Medical uses[edit | edit source]
Rifapentine is primarily used in the treatment of active tuberculosis and latent tuberculosis infection. It is often used in combination with other antitubercular drugs such as isoniazid and pyrazinamide to enhance efficacy and prevent the development of drug resistance.
Active tuberculosis[edit | edit source]
In the treatment of active tuberculosis, rifapentine is used as part of a combination therapy. It is typically administered once or twice weekly, depending on the phase of treatment. The use of rifapentine in combination with other drugs helps to shorten the duration of therapy and improve patient adherence.
Latent tuberculosis infection[edit | edit source]
For latent tuberculosis infection, rifapentine is used in combination with isoniazid in a regimen known as the "3HP" regimen, which involves once-weekly dosing for 12 weeks. This regimen has been shown to be as effective as longer regimens and is associated with better patient compliance.
Mechanism of action[edit | edit source]
Rifapentine works by inhibiting the bacterial DNA-dependent RNA polymerase, an enzyme essential for the transcription of DNA into RNA. By blocking this enzyme, rifapentine effectively halts the production of bacterial proteins, leading to the death of the bacteria.
Side effects[edit | edit source]
Common side effects of rifapentine include nausea, vomiting, and diarrhea. It can also cause hepatotoxicity, which is a concern with all rifamycin antibiotics. Patients taking rifapentine may experience orange discoloration of bodily fluids, such as urine and tears, which is a harmless but notable side effect.

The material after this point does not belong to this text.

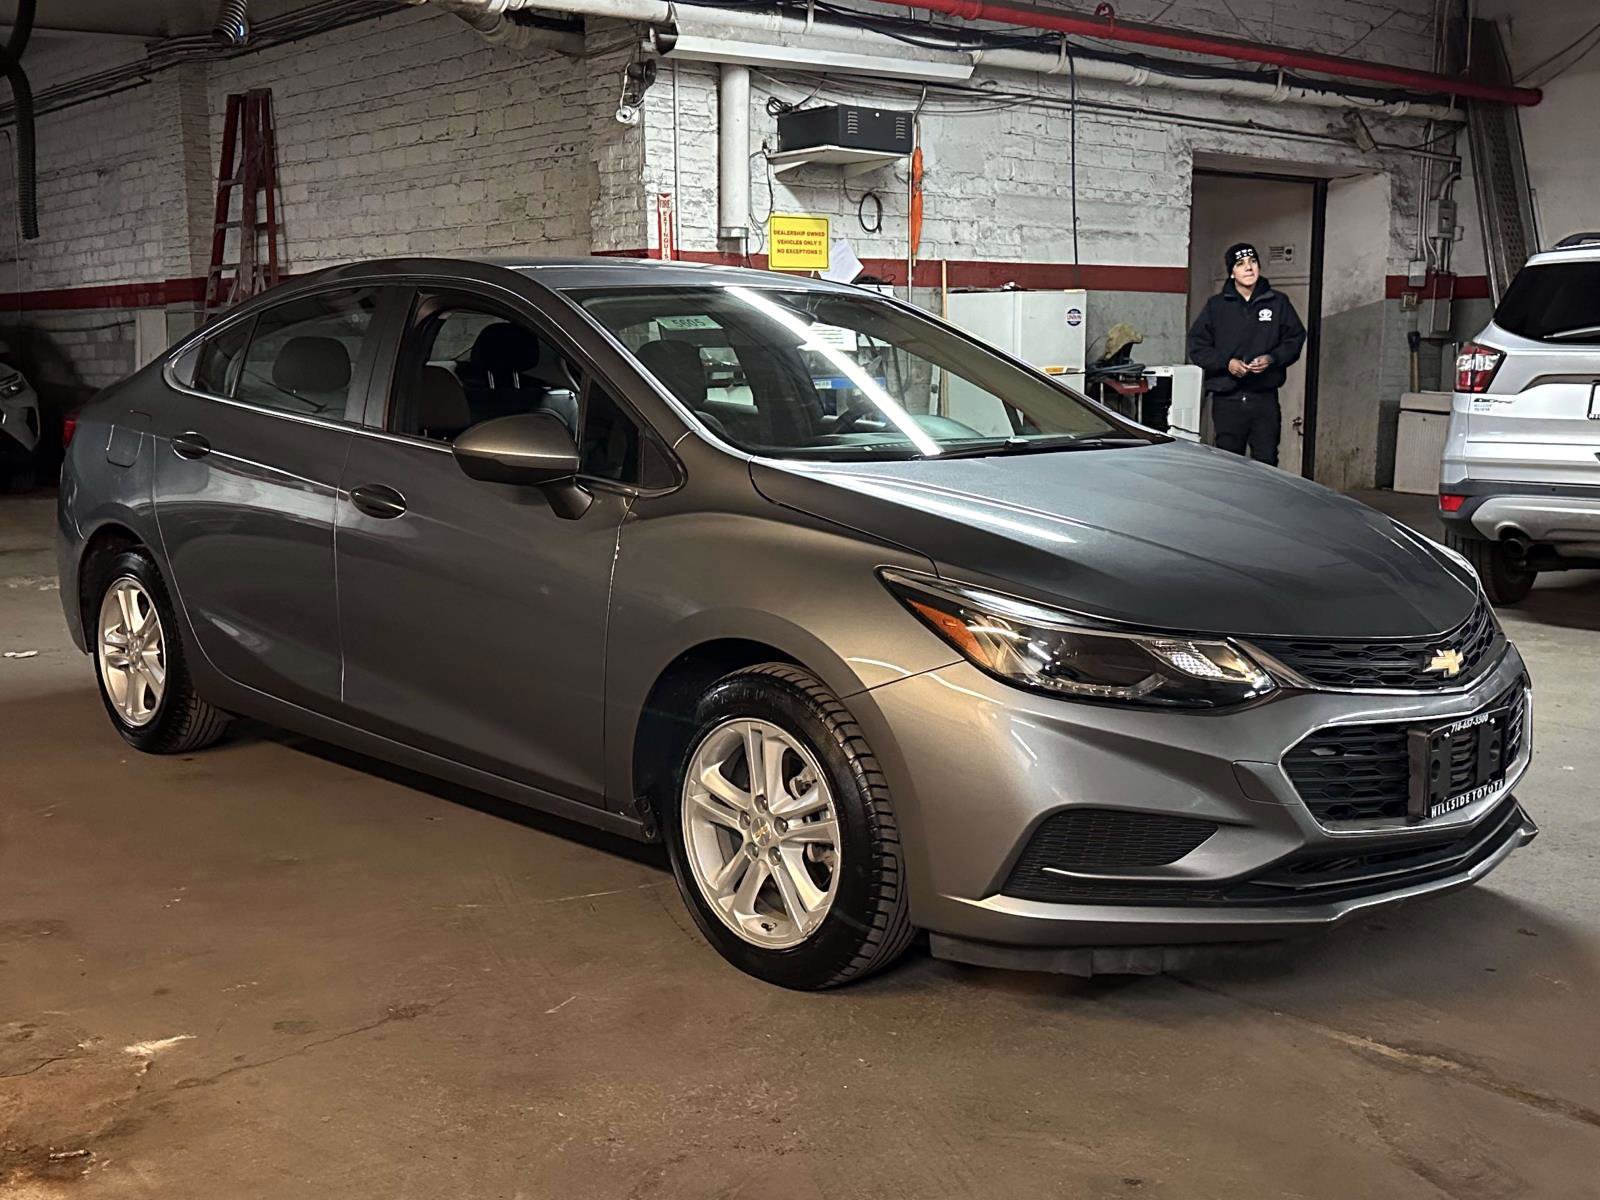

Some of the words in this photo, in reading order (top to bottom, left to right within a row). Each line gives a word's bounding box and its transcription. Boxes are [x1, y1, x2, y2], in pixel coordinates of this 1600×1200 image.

[659, 199, 670, 209] FIRE
[1431, 795, 1470, 818] HILLSIDE
[1472, 779, 1504, 801] TOYOTA

Drug interactions[edit | edit source]
Rifapentine is a potent inducer of cytochrome P450 enzymes, which can lead to significant drug interactions. It can decrease the effectiveness of other medications metabolized by these enzymes, such as oral contraceptives, anticoagulants, and certain antiretroviral drugs.
Pharmacokinetics[edit | edit source]
Rifapentine is well absorbed from the gastrointestinal tract and has a long half-life, which allows for less frequent dosing compared to other rifamycins. It is metabolized in the liver and excreted primarily in the bile.
History[edit | edit source]
Rifapentine was developed as a derivative of rifampicin with a longer half-life, allowing for less frequent dosing. It was approved for medical use in the United States in 1998.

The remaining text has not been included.